Como en muy pocos juramentos de embajadores, los políticos marcaron presencia en la ceremonia.
Estuvieron desde la titular de la ANR, Lilian Samaniego; el senador Juan Carlos Galaverna; el presidente del Congreso, Julio César Velázquez; el diputado Óscar Tuma y su par Ariel Oviedo, quien próximamente retornará a las filas coloradas, así como el diputado José María Ibáñez.
No faltaron los leales a Nicanor, entre ellos, Rogelio Benítez, titular de Copaco, y María Digna Mami Roa, titular de Conatel, y quien firmó como testigo. También se vio al ex senador Herminio Cáceres, al abogado Alfredo Porro y otros exponentes del nicanorismo.
Con la izquierda. En el momento del juramento, llamó la atención que Duarte Frutos utilizara su brazo izquierdo, poco usual en el protocolo oficial. Más tarde comentó a la gente que lo hizo como un gesto simbólico porque es el lado del corazón.
Nicanor manifestó que la crisis en el Mercosur se está solucionando mediante las acciones encaradas por Cartes, de quien comentó que está asumiendo medidas “muy sabias”. Remarcó que con el Gobierno argentino hay prioridades, como mejorar las relaciones comerciales fronterizas para concienciar y lograr que el desplazamiento de los productos paraguayos no tengan problemas y circulen libremente por territorio argentino.
Igualmente mencionó que existe un proyecto para construir un puente entre el Departamento de Ñeembucú y Argentina, además de otro que una Itá Enramada con Clorinda.
Destacó que existe una gran colectividad paraguaya, principalmente en el Gran Buenos Aires. Dijo que trabajará con la colonia para establecer acuerdos y apoyo en tema de salud, cultura y cuestión laboral.
eby. Consideró que el tema Yacyretá será el eje central de la preocupación del Gobierno y desde la Embajada tratará de colaborar con la hidroeléctrica. “Es una cuestión.

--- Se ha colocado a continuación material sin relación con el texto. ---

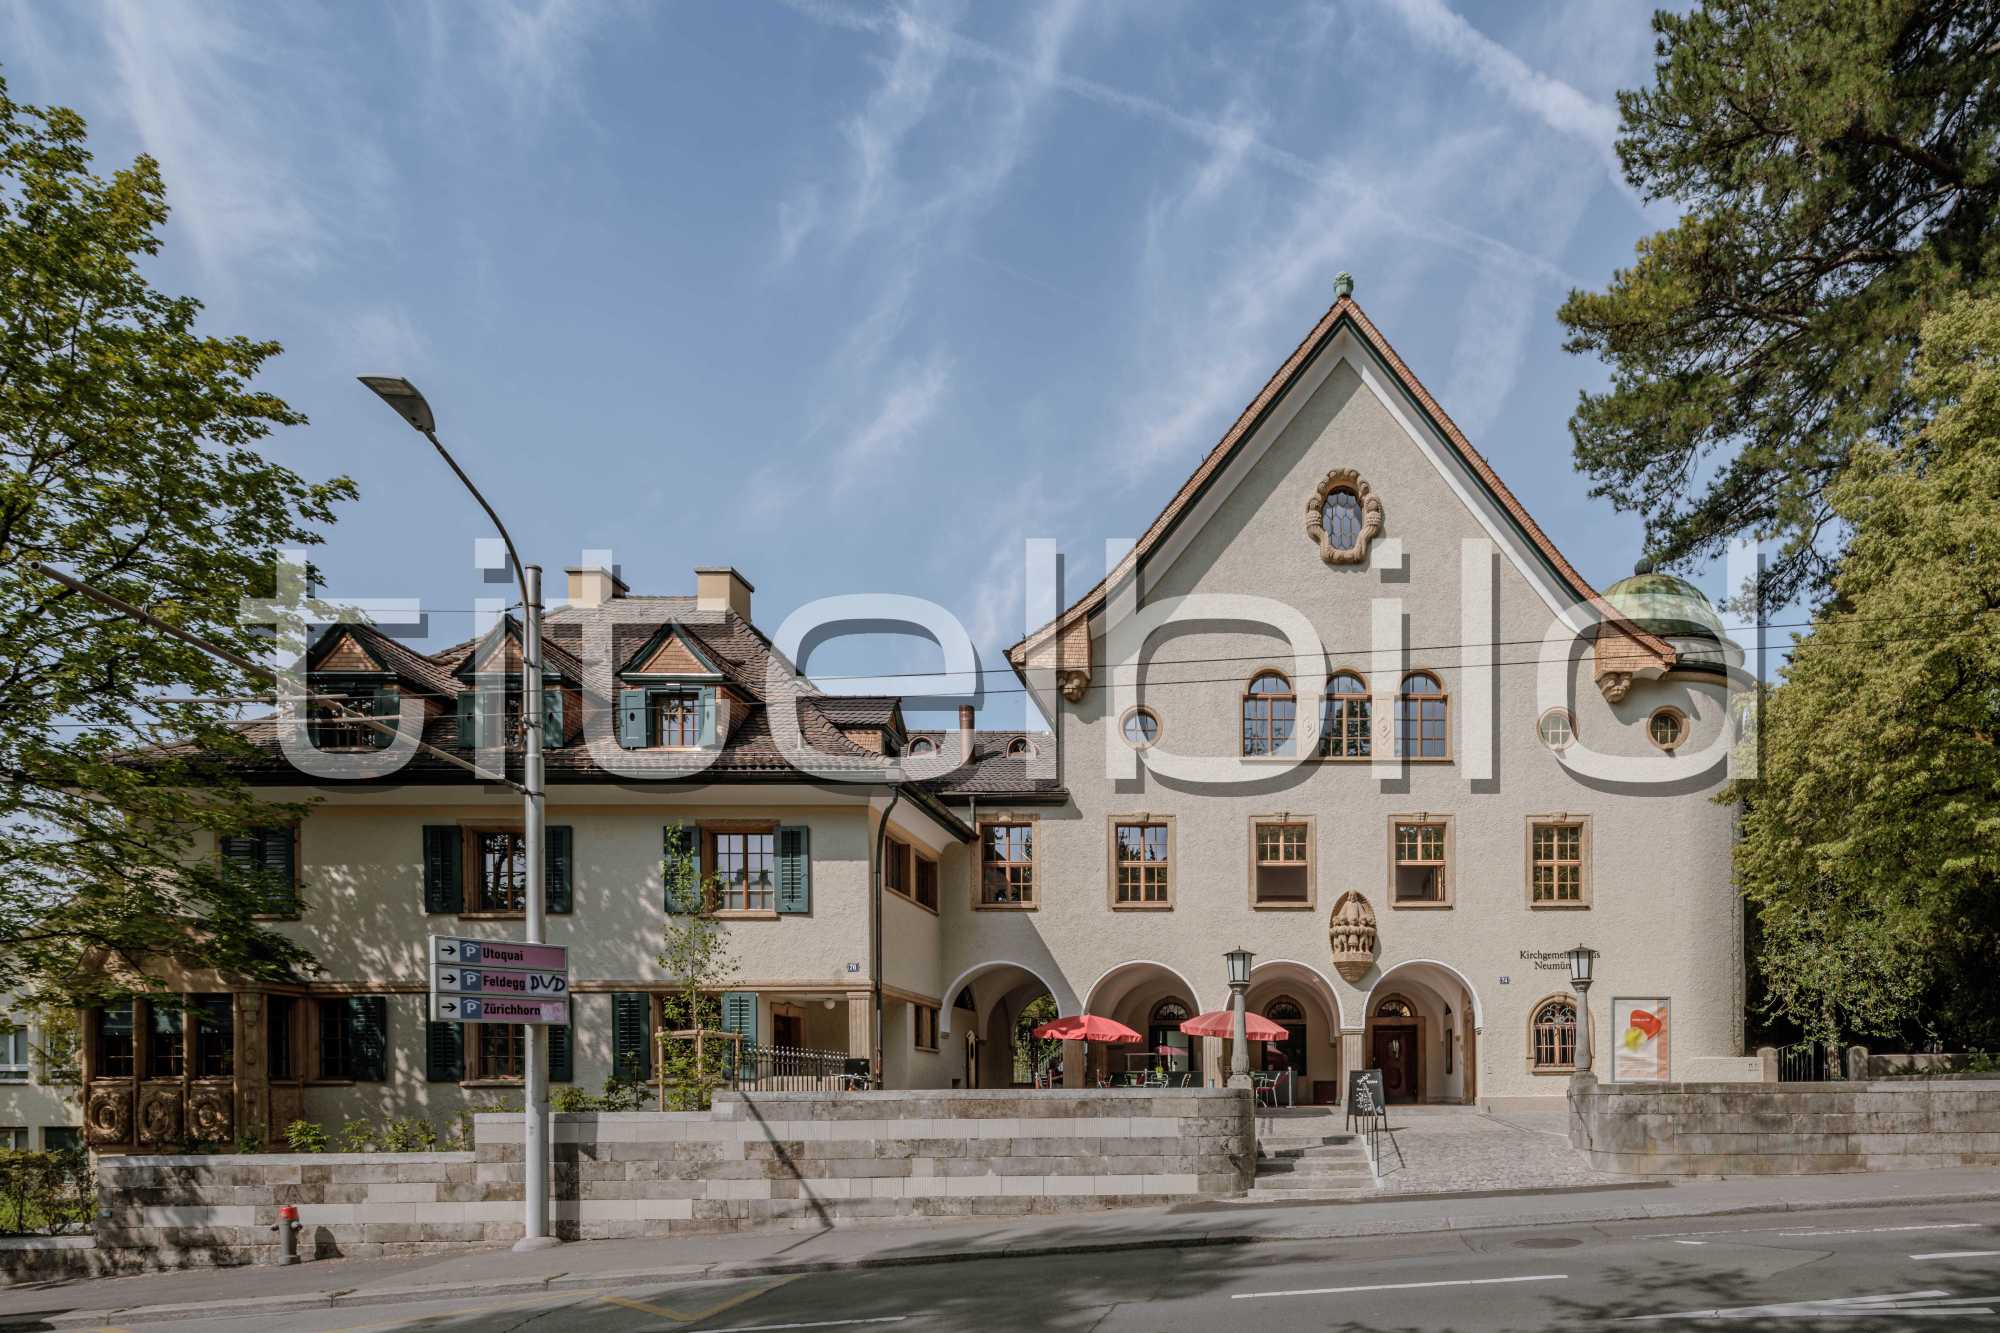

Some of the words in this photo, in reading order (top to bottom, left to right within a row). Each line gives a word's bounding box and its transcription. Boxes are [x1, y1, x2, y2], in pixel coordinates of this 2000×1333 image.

[466, 946, 476, 958] P
[483, 947, 524, 962] Utoquai
[466, 974, 476, 986] P
[483, 975, 526, 991] Feldegg
[530, 975, 566, 992] DVD
[466, 1002, 477, 1014] P
[484, 1003, 541, 1016] Zürichhorn
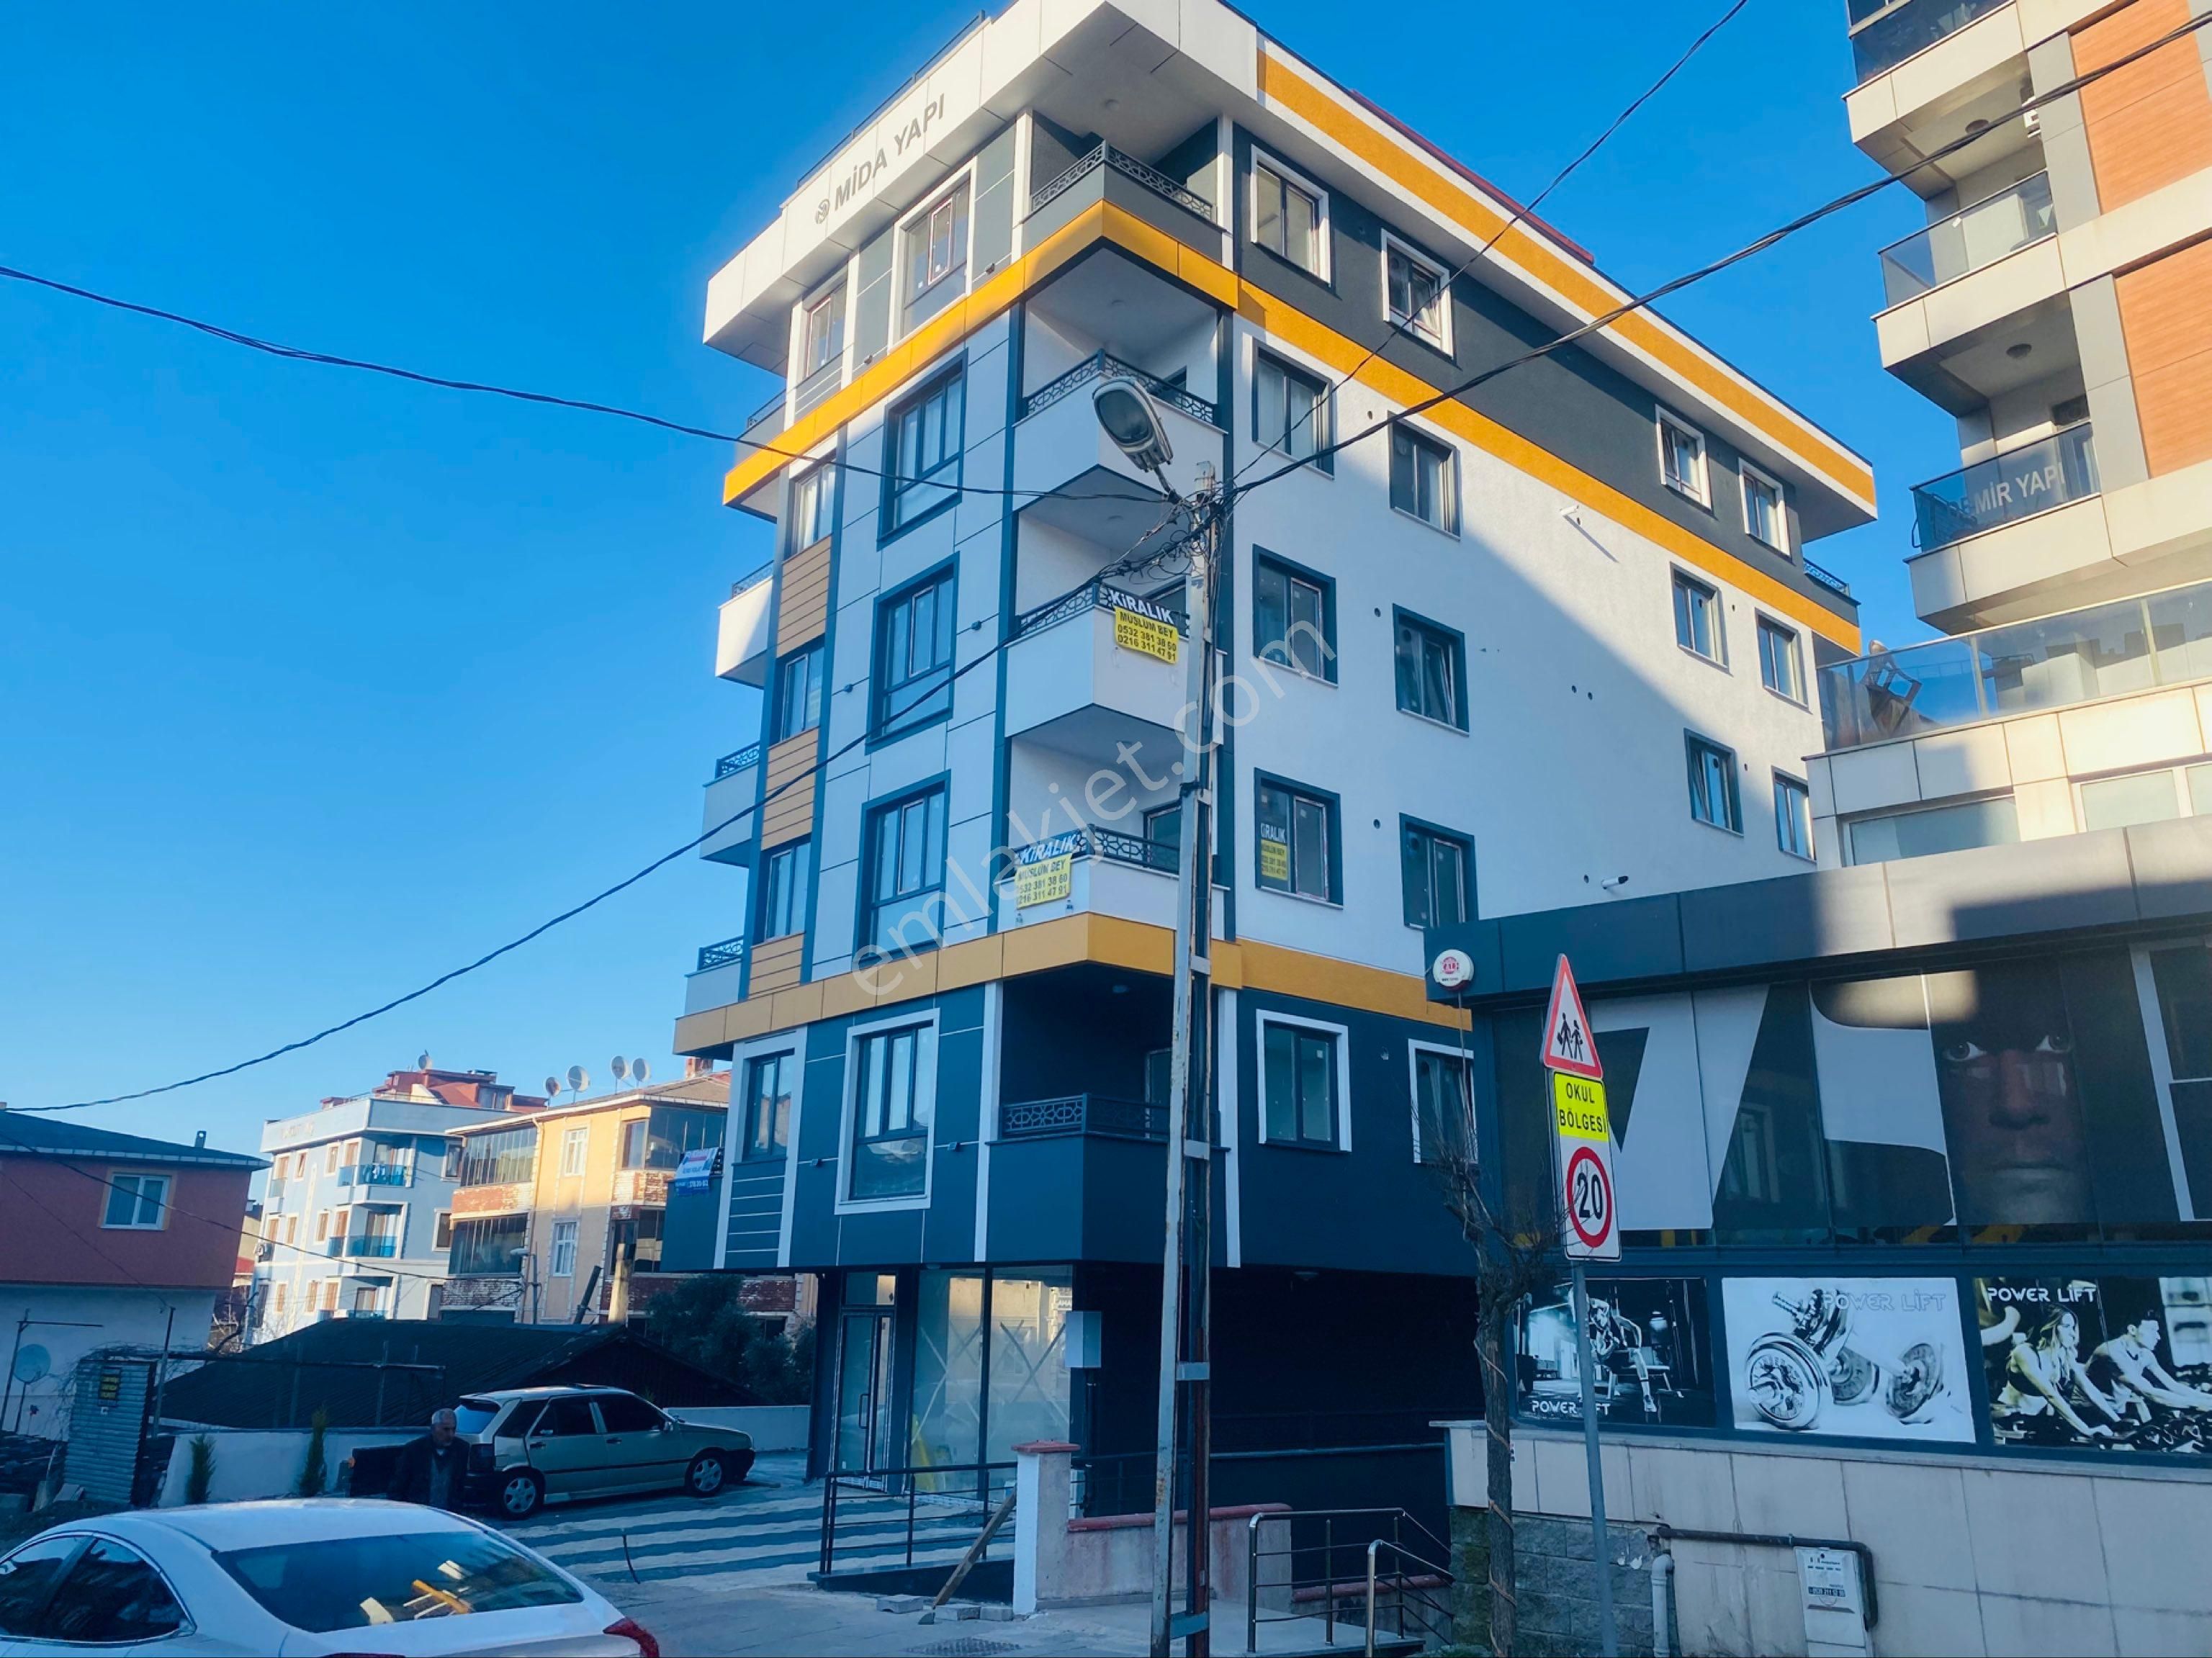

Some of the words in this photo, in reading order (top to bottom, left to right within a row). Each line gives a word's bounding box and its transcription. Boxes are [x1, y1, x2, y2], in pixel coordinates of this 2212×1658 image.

[835, 147, 887, 211] MİDA
[894, 93, 945, 156] YAPI
[2015, 462, 2065, 497] YAPI
[1118, 624, 1138, 637] 0532
[1118, 634, 1139, 647] 0216
[1141, 641, 1156, 652] 311
[1566, 1082, 1596, 1104] OKUL
[1559, 1108, 1607, 1134] BÖLGESİ
[1577, 1172, 1604, 1220] 20
[1987, 1287, 2051, 1302] POWER
[1532, 1400, 1578, 1414] POWER
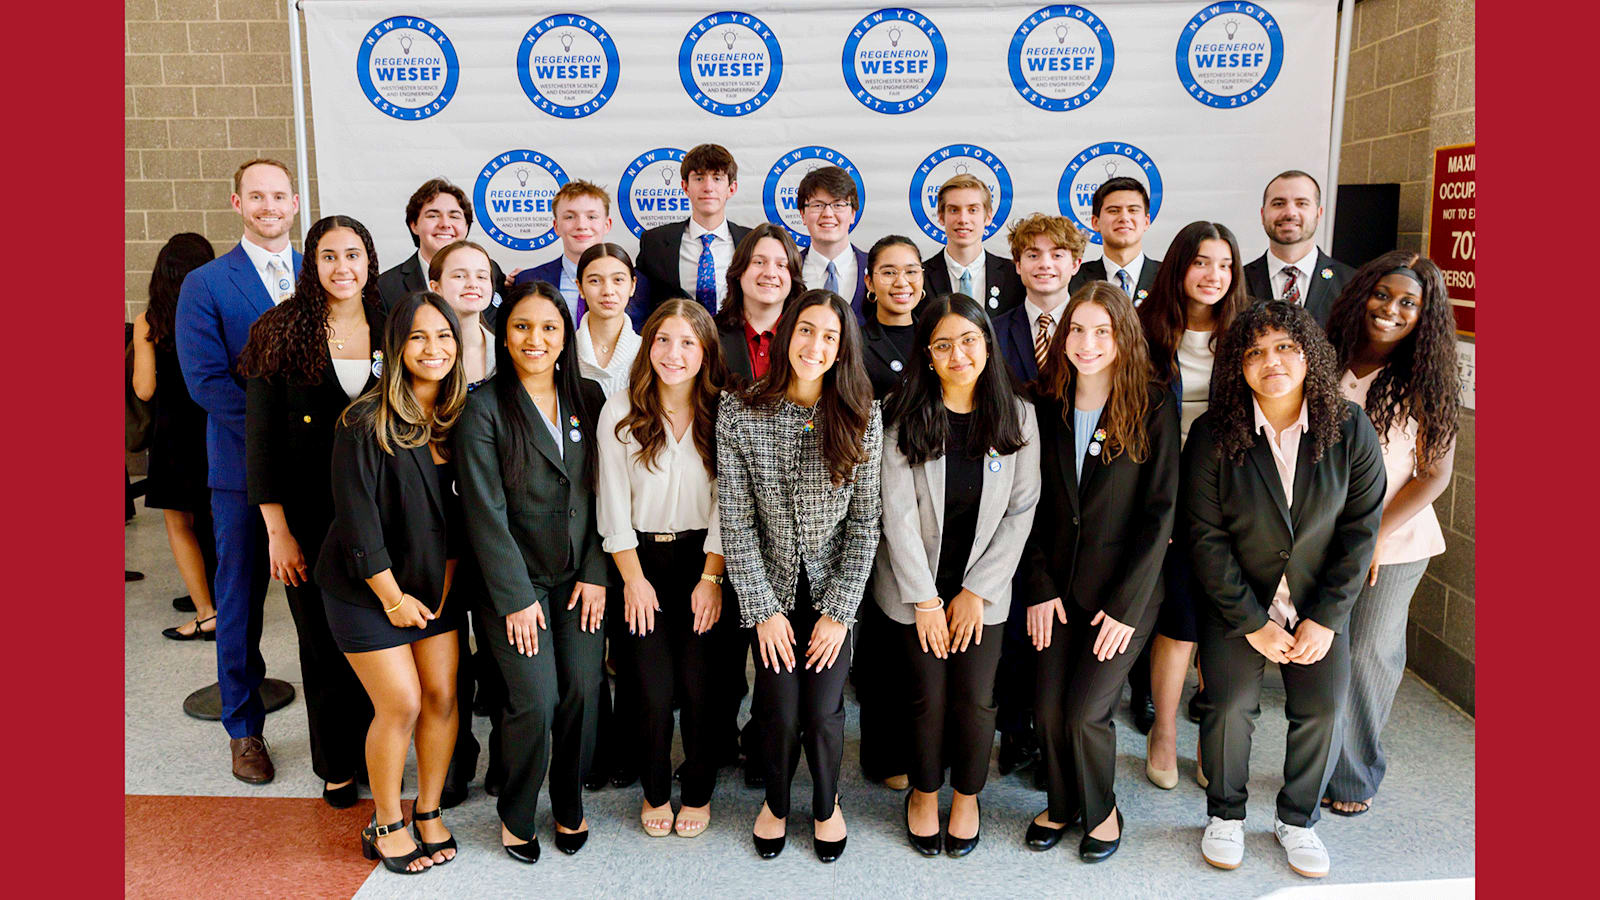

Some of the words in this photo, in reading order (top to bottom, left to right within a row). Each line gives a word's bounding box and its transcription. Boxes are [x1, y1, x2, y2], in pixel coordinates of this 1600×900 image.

Hay varios proyectos que hay que llevar adelante”, destacó.
Duarte Frutos viajará a Buenos Aires el próximo martes, en horas de la noche. Se interiorizará en la situación de la Embajada. Señaló que la legación estuvo abandonada durante un buen tiempo por el problema que hubo con el Mercosur.
Tras su juramento, Nicanor se dirigió hasta el despacho de Cartes, en donde también permanecieron durante algunos minutos el senador Galaverna, Velázquez, Samaniego y otros colaboradores. Todos salieron del despacho presidencial sonrientes y mostrando unidad.